The tool has its own dedicated forum offering the latest version of OpenBullet but cautioning against using it for credential cracking. However, cracking tutorials on YouTube, cracking communities, and hacking forums instruct users how to use OpenBullet configs for malicious purposes like account takeover.

The decline of Sentry MBA and the rise of OpenBullet

For a while, Sentry MBA was the most popular and widely used credential stuffing tool, and the most recognizable in credential stuffing attacks and subsequent account fraud. Like most tools of its type, it has a user interface that allows the uploading of base credential lists and proxies, and a screen where results are logged.

Other similar tools developed by adversaries to execute credential stuffing and account fraud include:

• Vertex
• SNIPR
• Private Keeper
• Account Hitman
• BlackBullet

In cracking communities, users have commented that OpenBullet surpasses Sentry MBA and others listed above as their config files are outdated, with few making config files for those tools anymore. While configs for Sentry MBA and other tools can still be found within such communities, there has been an uptick in OpenBullet configs for sale on cracking forums. These include configs for popular websites and services such as a Netflix and Microsoft Azure

How OpenBullet is abused by cybercriminals for credential stuffing

While OpenBullet seems on the surface to be a useful tool for developers, how do cybercriminals use OpenBullet to execute account fraud?

Adversaries are becoming far more advanced with the tools they use to execute account fraud. We have moved to a world where credentials are readily available online, even on public-facing forums and social media, making credential stuffing ever easier, cheaper and profitable for attackers. The shift to mass remote working has exacerbated this activity, as more personal information and sensitive documents are stored in the cloud.
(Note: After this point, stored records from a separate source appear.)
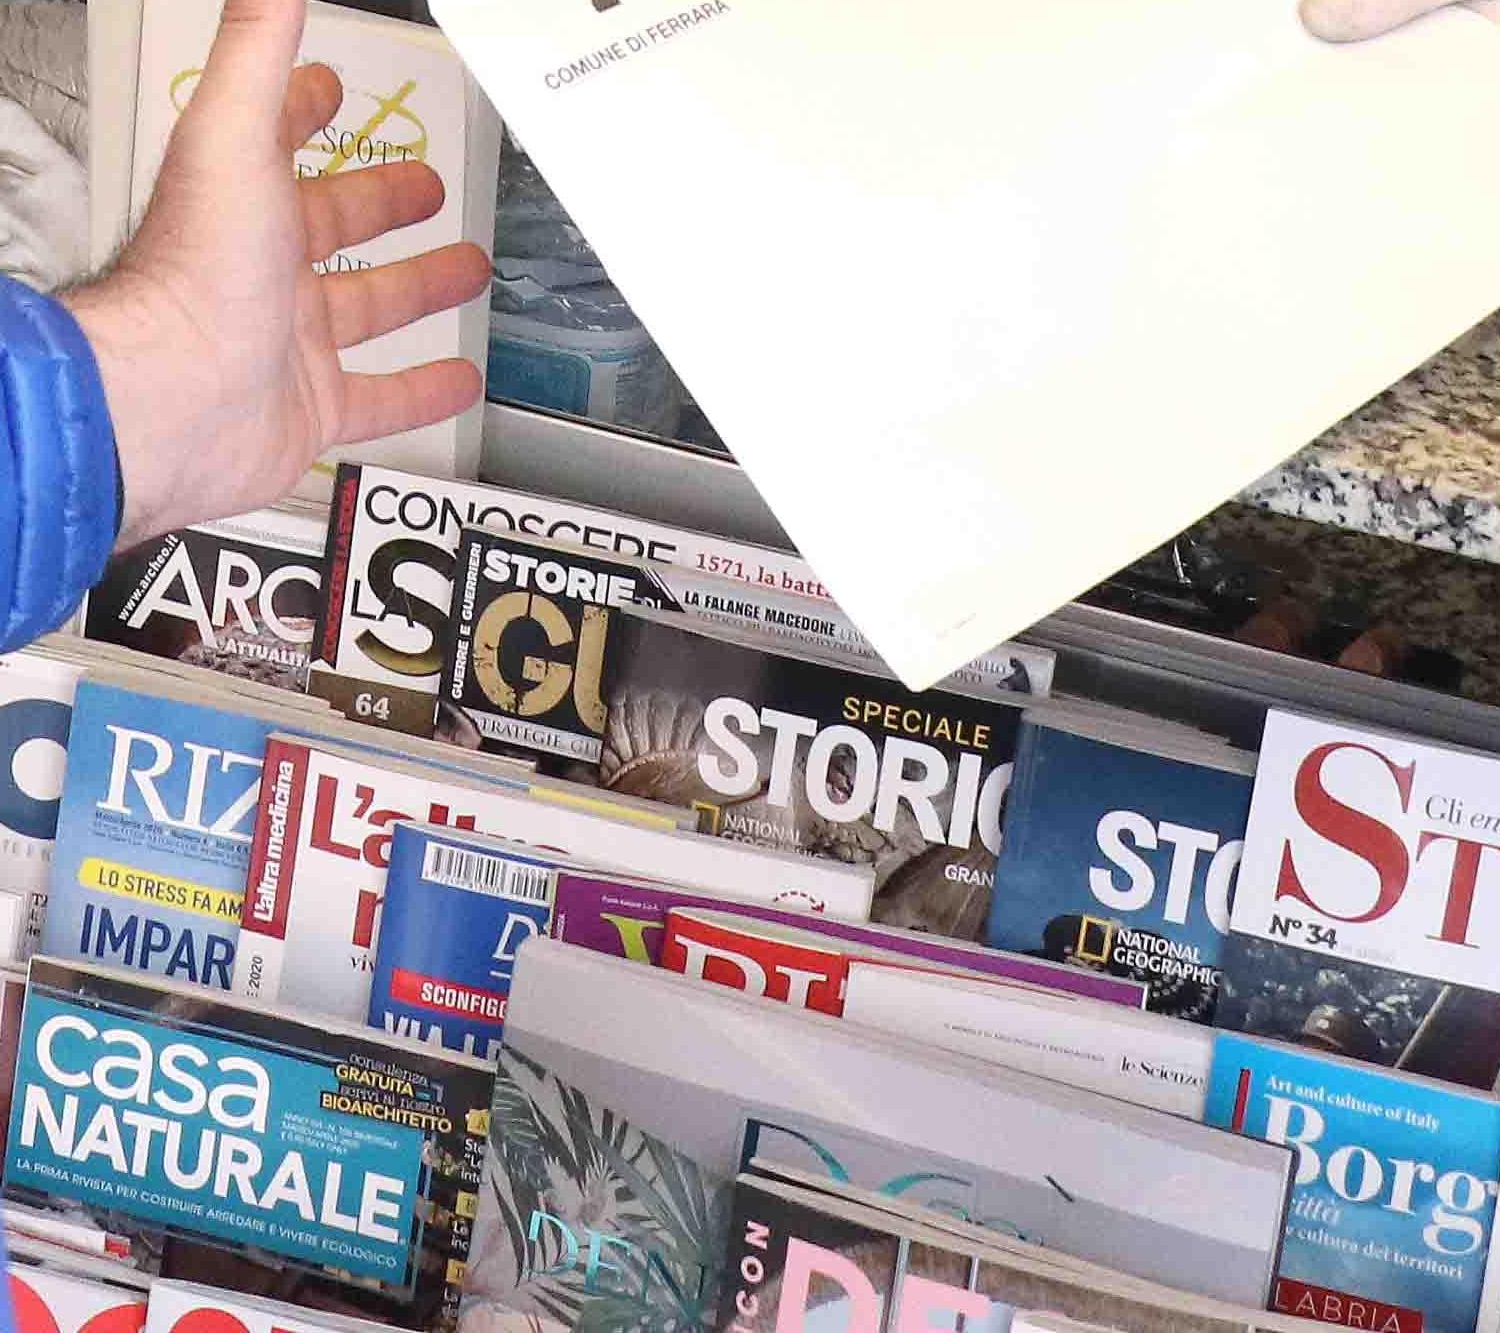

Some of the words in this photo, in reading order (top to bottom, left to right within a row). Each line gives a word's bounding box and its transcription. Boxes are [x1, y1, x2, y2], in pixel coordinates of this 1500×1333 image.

[545, 43, 628, 90] COMUNE
[483, 548, 637, 607] STORIE
[704, 594, 761, 621] FALANGE
[765, 607, 836, 637] MACEDONE
[355, 691, 390, 721] 64
[843, 697, 992, 749] SPECIALE
[125, 873, 188, 903] STRESS
[1116, 927, 1201, 962] NATIONAL
[35, 1015, 270, 1133] casa
[336, 1063, 414, 1097] GRATUITA
[322, 1093, 451, 1134] BIOARCHITETTO
[1326, 1087, 1382, 1118] culture
[21, 1083, 405, 1244] NATURALE
What is credential stuffing?

A credential stuffing attack is a type of cyber-attack where hackers use stolen or leaked username and password pairs to gain access to user accounts. The term “credential stuffing” is used because the attackers are literally stuffing (i.e., submitting) the stolen credentials into login pages and other registration forms on multiple sites to gain access to accounts.

Cybercriminals started using OpenBullet as a standalone credential stuffing tool in 2019. The tool is now regularly used for various account takeover purposes across various targeted industries. Like many other credential stuffing tools, OpenBullet requires certain inputs to operate and test a targeted web or mobile application, such as a configuration file, wordlist and target URL. And, like other tools, its success relies upon the prevalence of password reuse.
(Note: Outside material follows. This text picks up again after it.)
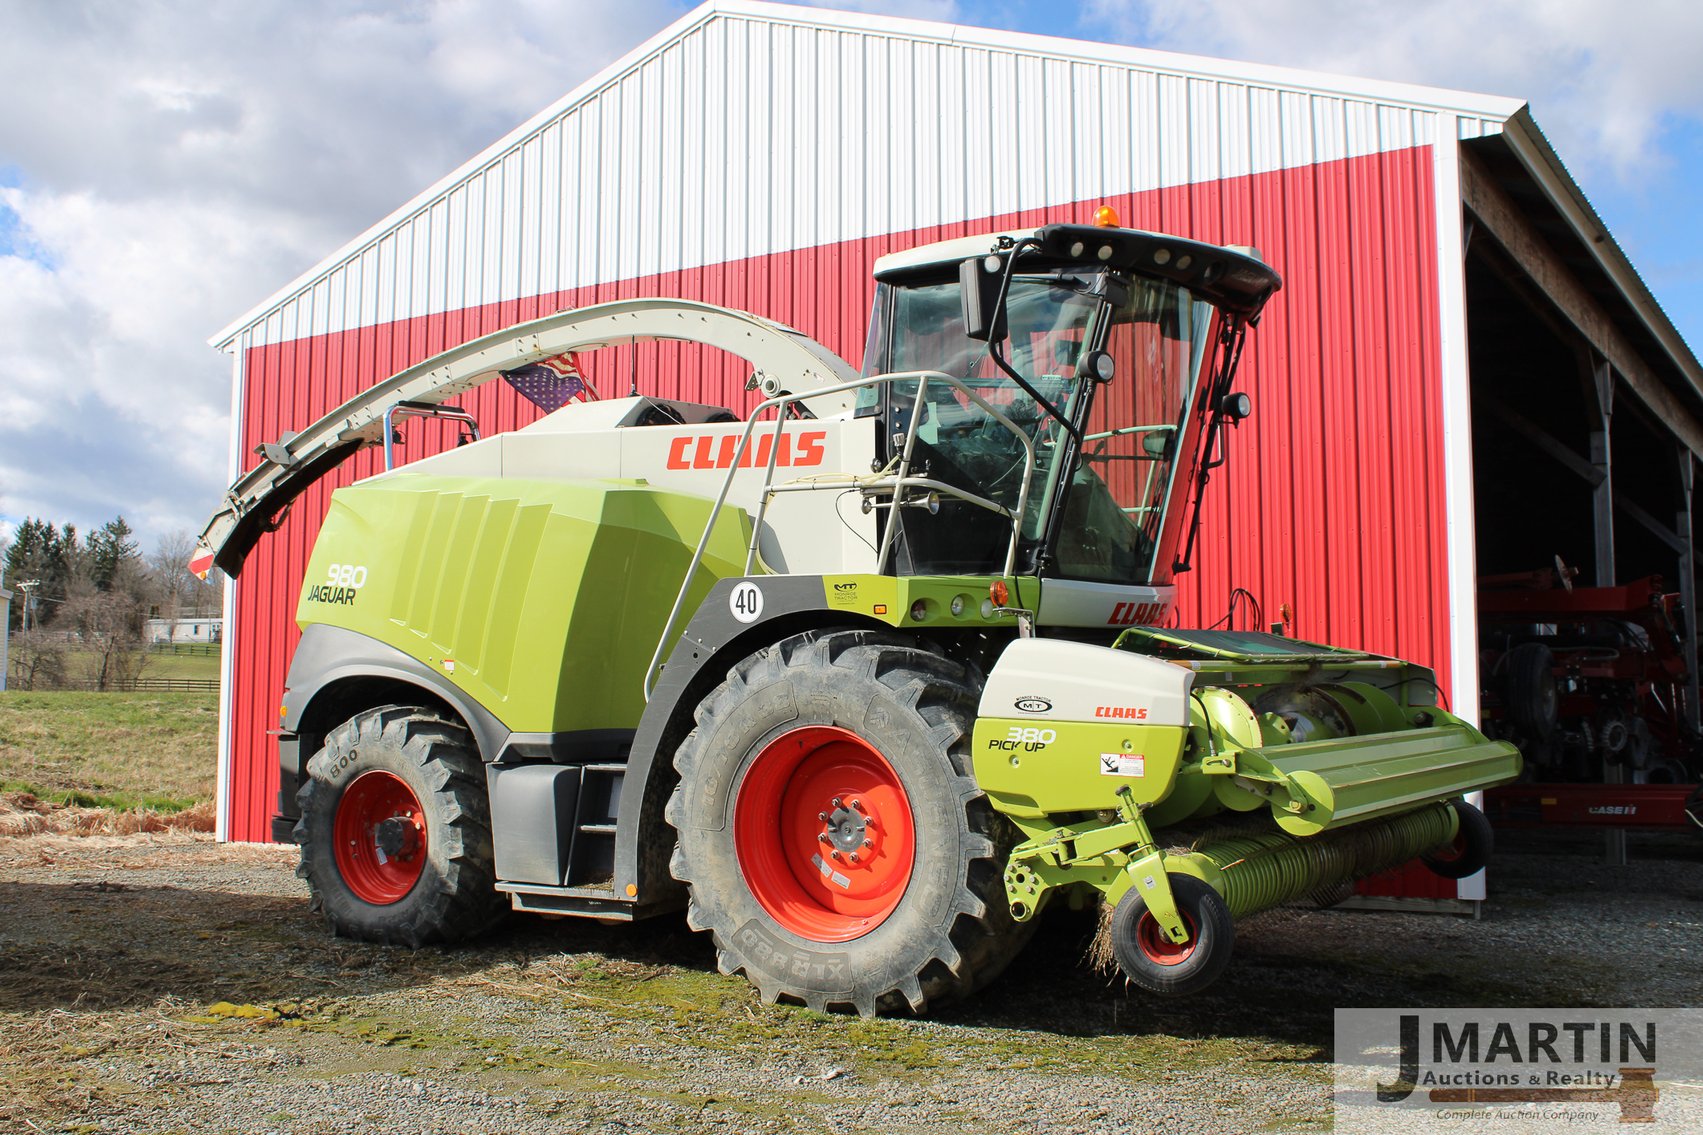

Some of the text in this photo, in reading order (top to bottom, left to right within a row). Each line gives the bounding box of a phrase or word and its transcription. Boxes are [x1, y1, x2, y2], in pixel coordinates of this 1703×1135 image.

Why is OpenBullet appealing to cybercriminals?

According to Digital Shadows, OpenBullet was mentioned 35% more than other credential stuffing tools including Sentry MBA across online criminal locations between January and June 2020. Its popularity is largely down to its ability to customize existing configs and its open source status, which means it is:

• Free to download and use
• Regularly updated with new features
• Sparing in its CPU usage
• Simple to use for those new to the tool
• Supported by an active, dedicated community

OpenBullet in action

We now know in theory how OpenBullet is used by adversaries with malicious intent, but how does this work in practice?

Luckily for hackers, OpenBullet is user-friendly yet highly advanced tool. Adversaries input the URL they wish to hack, load in the relevant config and add a list of credentials taken from the dark web.

There are dozens of advanced controls such as setting appropriate cookies needed to pass through the login page or changing proxying settings, and you can even set a designated time stamp so you can go away and let the request run itself.

Once “Start” is pressed, OpenBullet fires thousands of username and password combinations to the desired website, reporting in seconds whether the requests were successful or not. The credentials that provided a successful match are then used manually to crack into accounts to commit online fraud.